Le jour tombe doucement tandis que le jeune couple continue sa visite guidée de ce qui fut l’un des hauts lieux du culte bouddhiste et shintoïste du Japon. Avoir sauvé Kyoto de l’oubli, l’avoir préservé de la mort lente infligée par le temps avait sans nul doute été l’une des plus riches idées d’Hiroyuki Toyato. Chaque capitaine d’industrie japonais, ou plus précisément chaque famille a pour coutume de conserver une ville – parfois un village, un hameau – tel un témoignage historique du passé. C’est une maison de poupée dispendieuse, mais ô combien prestigieuse qu’il convient de faire découvrir avec émotion et fierté à chaque visiteur de passage. Encore quatre siècles auparavant, les puissants de ce monde étalaient leurs richesses en présentant ici une belle Bugatti aux chromes rutilants, là une somptueuse propriété. Pour les plus cultivés d’entre eux, un petit musée personnel où d’exquises marines de Turner disputaient l’attention de quelques privilégiés aux ondulations pleines d’énergie de Keith Haring.

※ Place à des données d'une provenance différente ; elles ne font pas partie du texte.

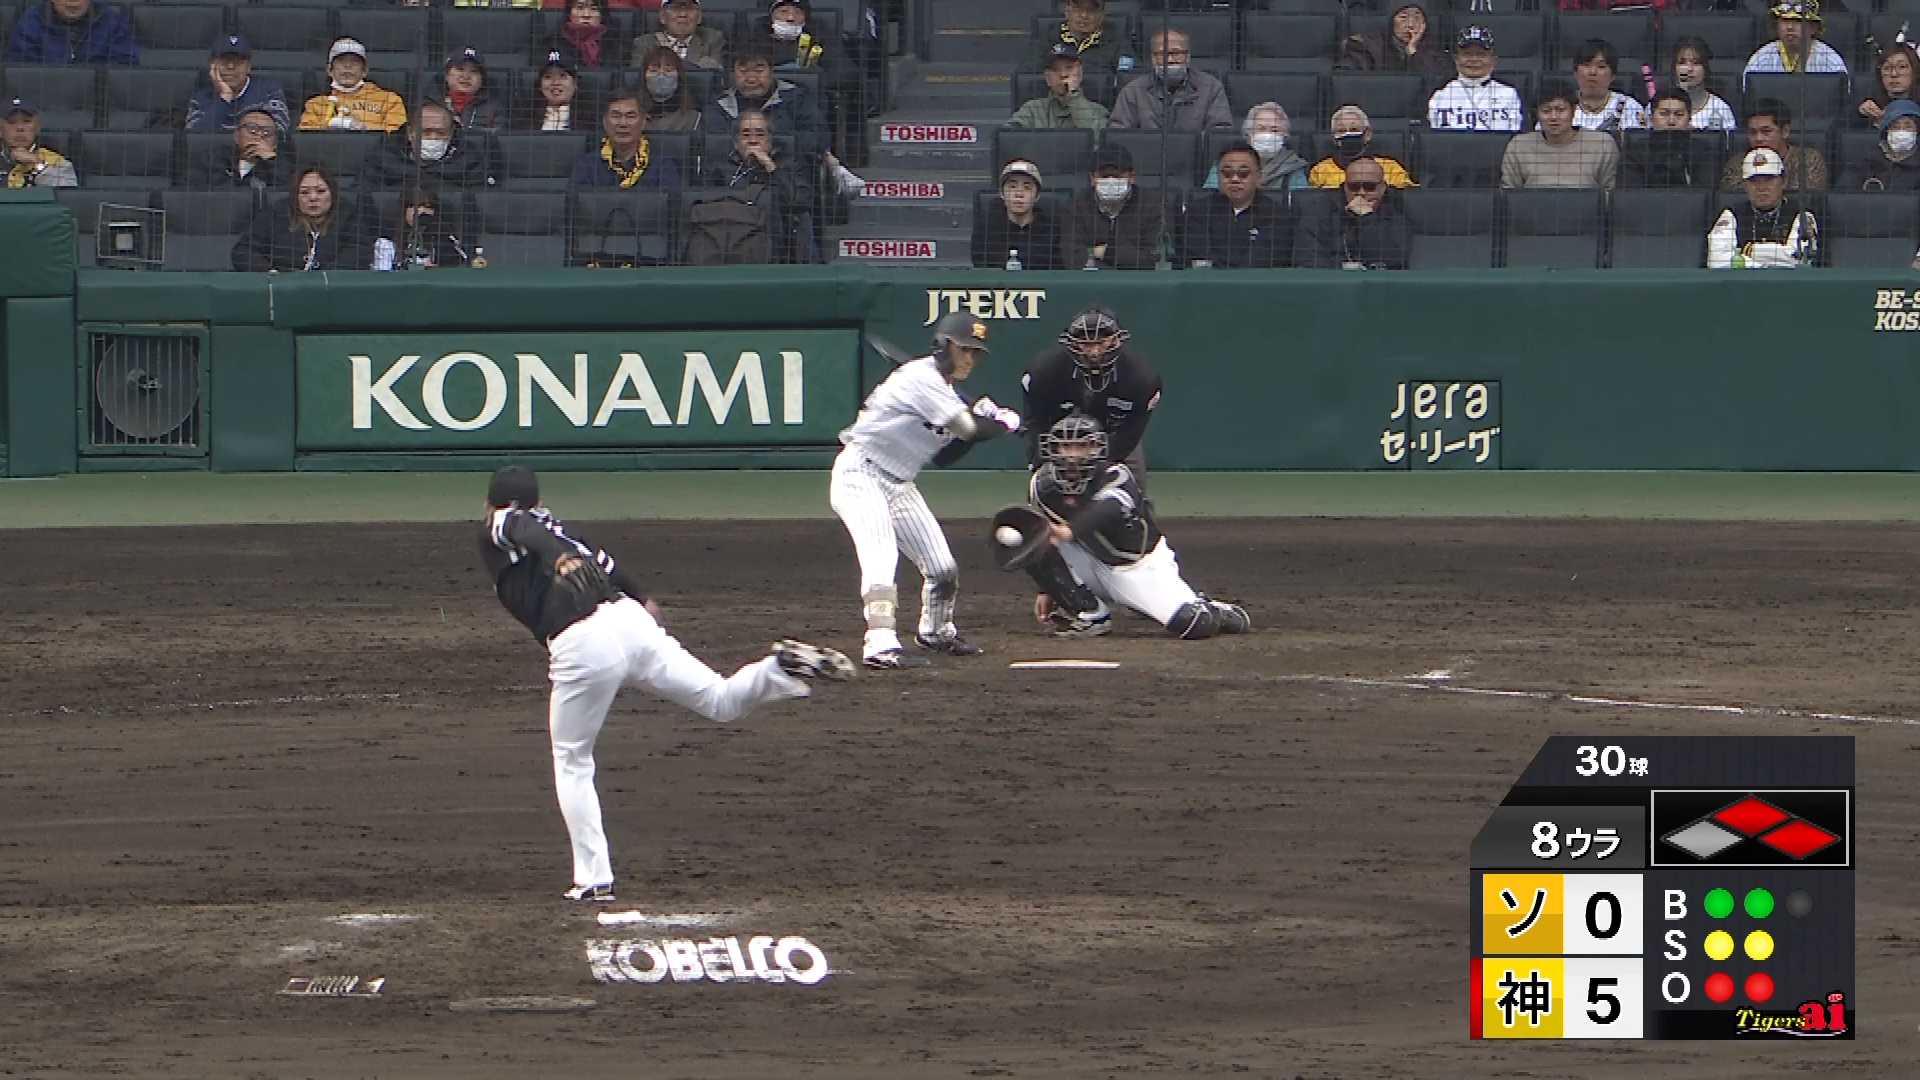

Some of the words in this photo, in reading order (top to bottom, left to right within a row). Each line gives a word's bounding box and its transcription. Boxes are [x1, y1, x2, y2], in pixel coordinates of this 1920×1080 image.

[1437, 106, 1510, 129] Tigers
[885, 126, 972, 141] TOSHIBA
[864, 183, 941, 197] TOSHIBA
[843, 241, 931, 257] TOSHIBA
[923, 288, 1046, 326] JTEKT
[1874, 311, 1920, 331] KOS
[348, 351, 804, 431] KONAMI
[584, 935, 828, 985] KOBELCO

Triste et vulgaire ! Indigent ! Qu’est-ce que tout cela face à une ville, digne, superbe, authentique ? Aux rues animées par un peuple à la fois beau et avenant ? À un micromonde où chaque habitant vaque à de belles activités, tout œil et toute oreille tournés vers son très magnanime propriétaire – l’un des princes de ce monde – et de sa famille néo-aristocratique ?

La vue depuis le troisième étage de la pagode de Kiyomizu-dera est vraiment exquise à présent que les premières étoiles apparaissent. Toyato s’autorise un certain manque d’humilité :

« J’ai fait allumer toute la ville sachant que vous nous faisiez l’honneur de votre visite ce soir. »

Profondément émue, l’épouse de Jan Solvaro lui répond d’une voix sincère :

— Quelle beauté…
— Il faut remercier les nombreux artisans talentueux qui travaillent chaque jour dans cette ville et lui donnent tout son lustre… C’est une œuvre sans fin. Si vous le permettez, je vais à présent appeler une voiture afin de vous ramener au château de Nijō. Vous pourrez vous rafraîchir dans vos appartements avant que ne commence le dîner de gala. Celui-ci sera servi au palais impérial.

Jan lève les mains en guise de protestation, souhaitant produire un effet comique :

« Hiroyuki, vous nous réservez-là de trop grandes faveurs. Nous sommes des gens très simples, vous savez. »

— Que du contraire Jan. Je ne sais si c’est l’âge qui m’a rendu ainsi, mais rien ne me fait plus plaisir désormais que de recevoir mes invités et de leur accorder du temps. C’est très précieux le temps… Toujours est-il que Sa Majesté l’Empereur se joindra à nous ce soir ainsi que d’autres de mes amis et mon collaborateur Atsuhiko Sono que vous connaissez déjà.

Jan est profondément impressionné même si l’expression de son visage ne semble refléter qu’une forme d’appréciation polie.

— Quelle magnifique surprise Hiro. Vous autres Japonais avez toujours été si différents du commun… avoir gardé un chef d’État, ne serait-ce que pour son rôle protocolaire, voire décoratif, est tout à fait divertissant !

Un voile de contrariété traverse fugitivement le regard de Toyato et ses lèvres se serrent comme pour marquer la désapprobation. Tout cela ne dure qu’un instant et, se ressaisissant, l’hôte reprend aussitôt sa bonhomie caractéristique. Au contraire de son mari, Annelies comprend que cet infime changement d’expression trahit le malheureux impair qui vient d’être commis. Elle en conçoit un peu d’inquiétude…

Et pour cause, si rien n’est plus plaisant que de visiter un joyau des temps passés, il ne faudrait tout de même pas oublier que les Solvaro sont ici pour affaire. Demain, Jan et quelques membres de son directoire tenteront de vendre, d’acheter, de tisser de nouveaux partenariats commerciaux, de chercher de nouveaux alliés afin d’accroître la pression sur leurs rivaux du moment… Elle lui en parlera une fois retirés dans l’intimité de leurs appartements et l’incitera à plus de prudence. En attendant, elle tâchera de jouer à l’épouse parfaite et de se faire apprécier de la femme de Hiroyuki…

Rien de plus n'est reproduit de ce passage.